- [Directions for this task]: Write out all of the records precisely. Skip anything that is a picture.

- [Dataset records]:
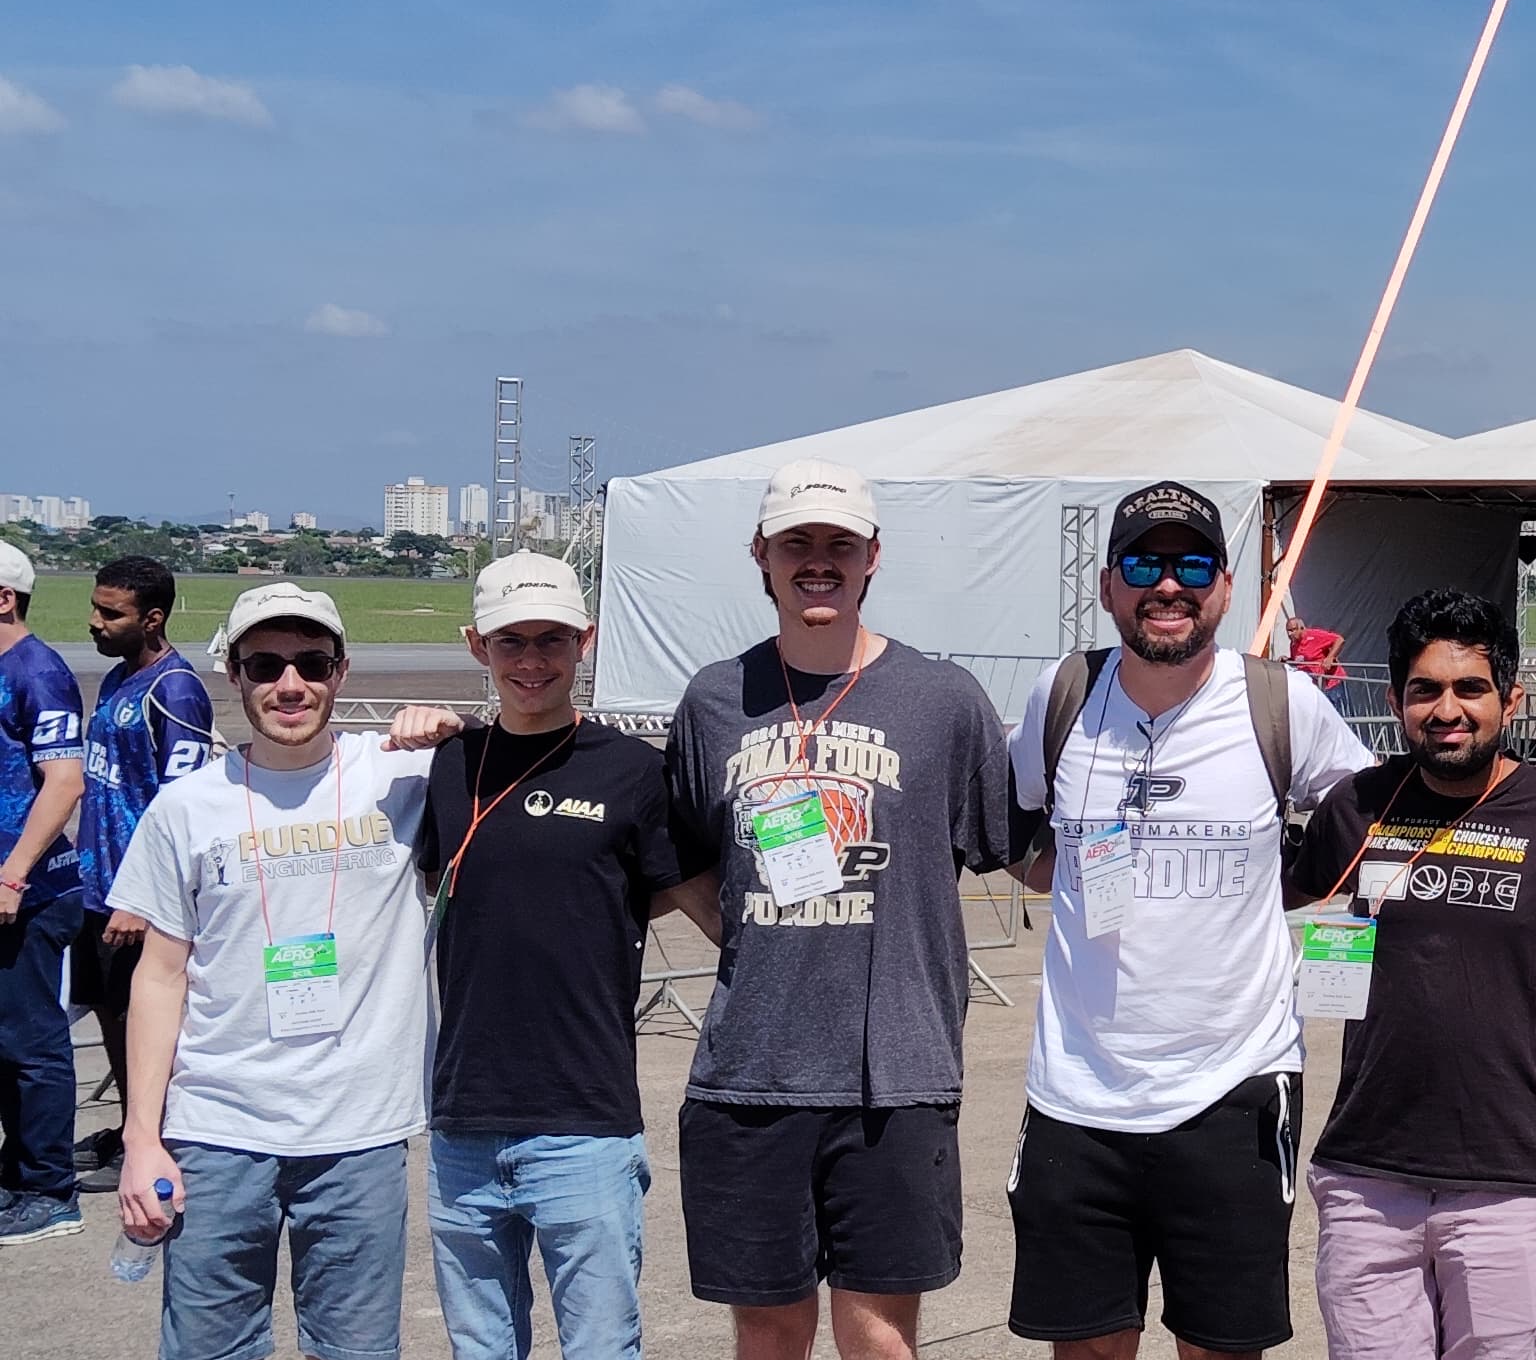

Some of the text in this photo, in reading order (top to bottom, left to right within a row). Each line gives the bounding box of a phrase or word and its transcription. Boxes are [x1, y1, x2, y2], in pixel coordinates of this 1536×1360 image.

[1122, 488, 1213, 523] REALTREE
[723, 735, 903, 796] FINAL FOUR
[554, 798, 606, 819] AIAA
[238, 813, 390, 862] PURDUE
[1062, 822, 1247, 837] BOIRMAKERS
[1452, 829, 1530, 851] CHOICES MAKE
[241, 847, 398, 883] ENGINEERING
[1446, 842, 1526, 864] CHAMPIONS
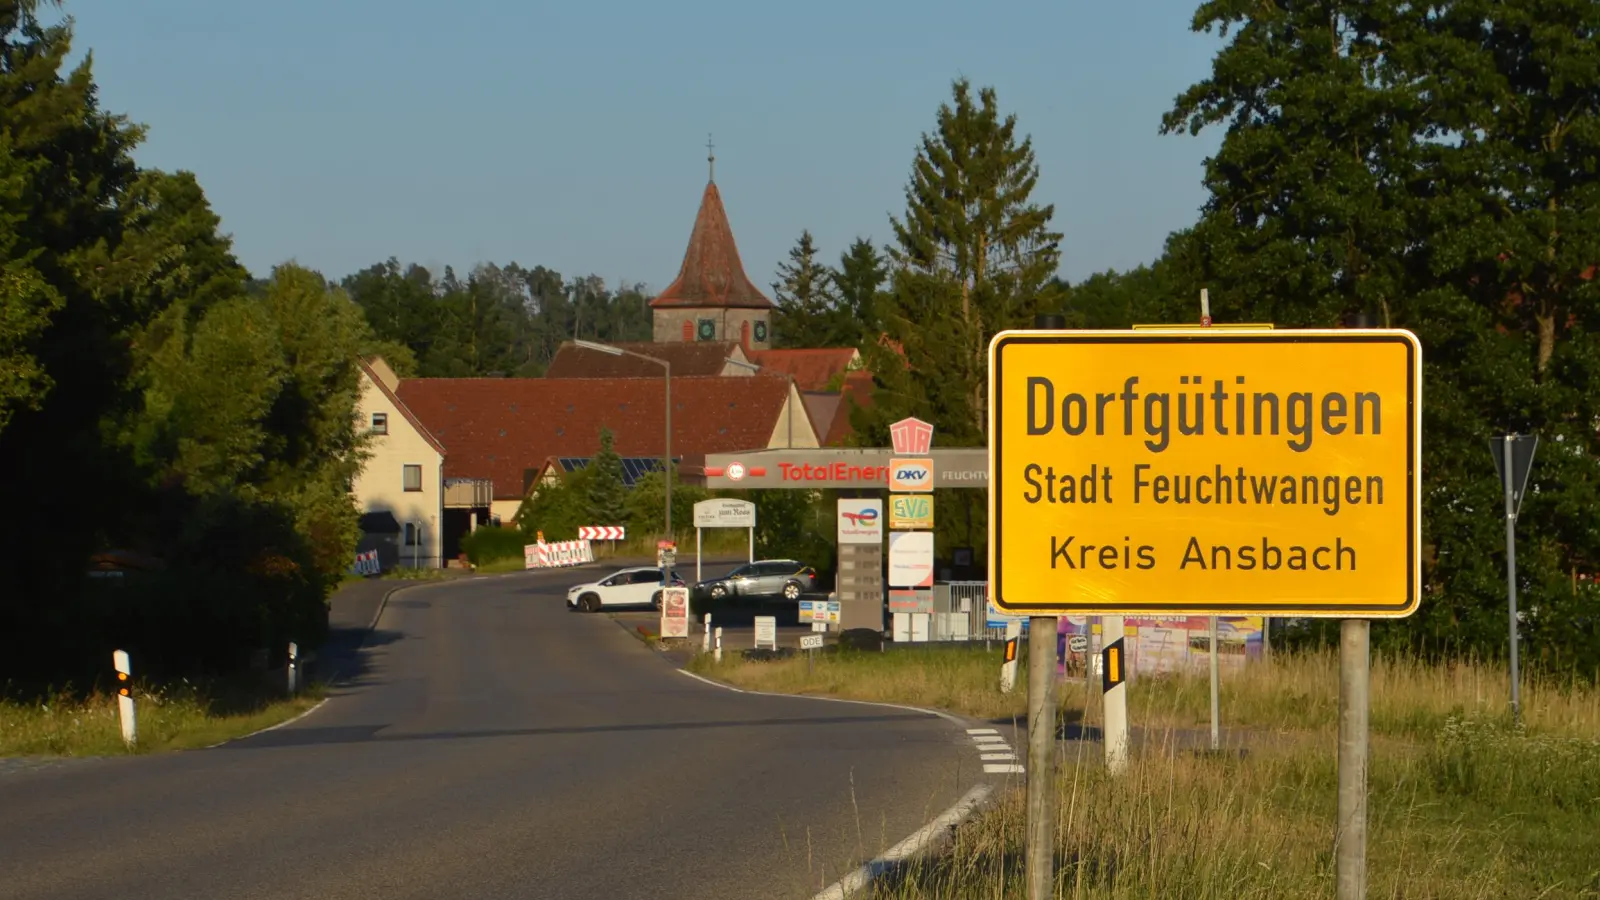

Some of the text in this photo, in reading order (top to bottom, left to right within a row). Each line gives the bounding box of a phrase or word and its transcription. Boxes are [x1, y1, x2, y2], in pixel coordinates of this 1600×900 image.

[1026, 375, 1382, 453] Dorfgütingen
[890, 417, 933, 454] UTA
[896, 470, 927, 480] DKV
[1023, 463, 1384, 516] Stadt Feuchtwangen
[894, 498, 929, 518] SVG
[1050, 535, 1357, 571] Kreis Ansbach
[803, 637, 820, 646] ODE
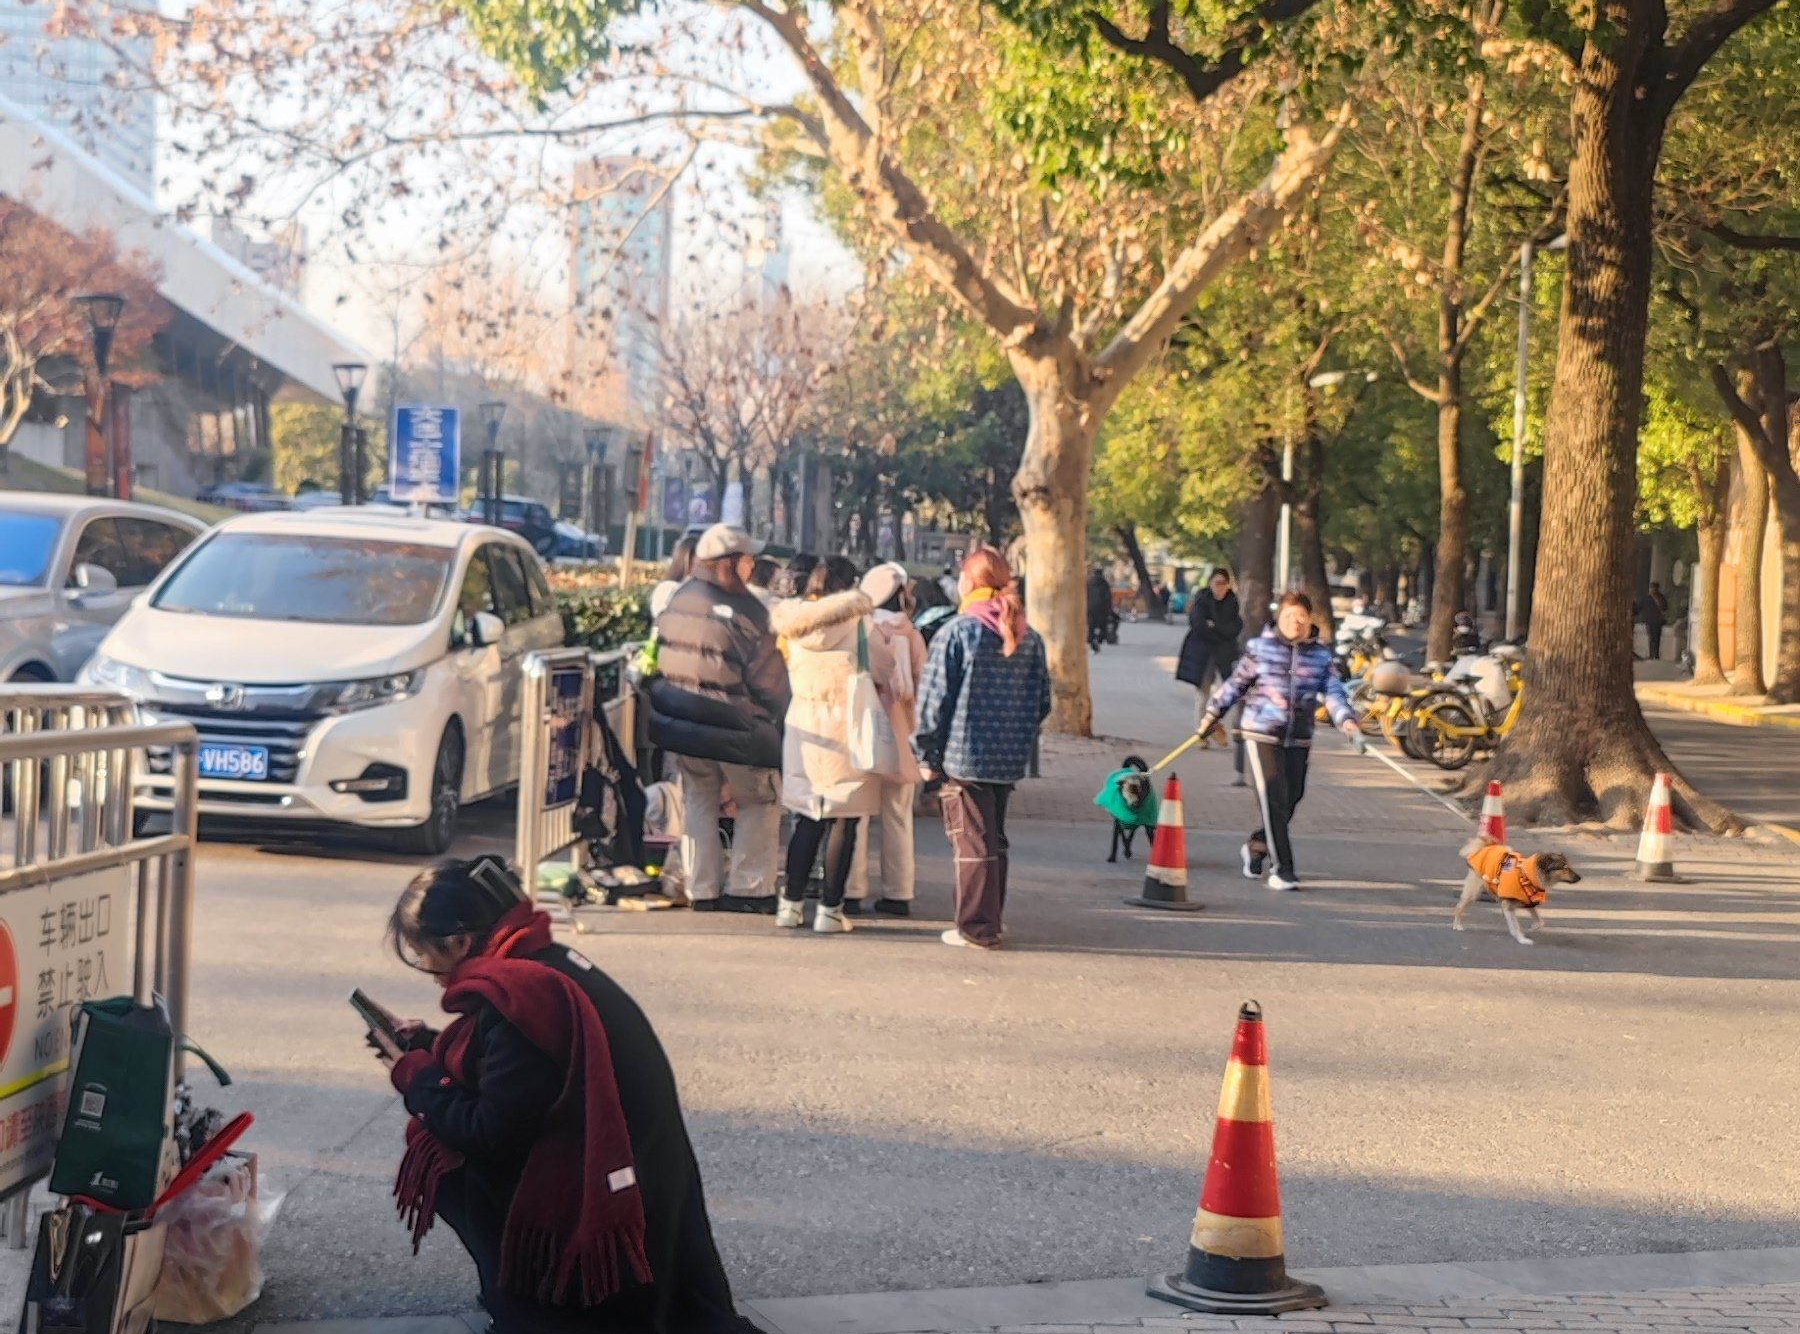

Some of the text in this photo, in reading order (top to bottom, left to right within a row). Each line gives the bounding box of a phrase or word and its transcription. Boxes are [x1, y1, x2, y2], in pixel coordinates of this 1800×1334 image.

- [Result]:
Some of the text in this photo, in reading order (top to bottom, left to right within a row). Each line gives the bounding box of a phrase or word and its transcription. Boxes are [x1, y1, x2, y2], in pixel coordinates of this 1536×1360 image.

[1122, 488, 1213, 523] REALTREE
[723, 735, 903, 796] FINAL FOUR
[554, 798, 606, 819] AIAA
[238, 813, 390, 862] PURDUE
[1062, 822, 1247, 837] BOIRMAKERS
[1452, 829, 1530, 851] CHOICES MAKE
[241, 847, 398, 883] ENGINEERING
[1446, 842, 1526, 864] CHAMPIONS

Some of the text in this photo, in reading order (top to bottom, left to right within a row). Each line gives the bounding box of a phrase or word and its transcription. Boxes are [x1, y1, x2, y2], in pixel coordinates of this 1600×900 image.

[1026, 375, 1382, 453] Dorfgütingen
[890, 417, 933, 454] UTA
[896, 470, 927, 480] DKV
[1023, 463, 1384, 516] Stadt Feuchtwangen
[894, 498, 929, 518] SVG
[1050, 535, 1357, 571] Kreis Ansbach
[803, 637, 820, 646] ODE

Some of the text in this photo, in reading order (top to bottom, left to right within a row). Each line gives the bounding box of a phrase or word and its transcription. Boxes are [x1, y1, x2, y2], in pixel coordinates of this 1800×1334 image.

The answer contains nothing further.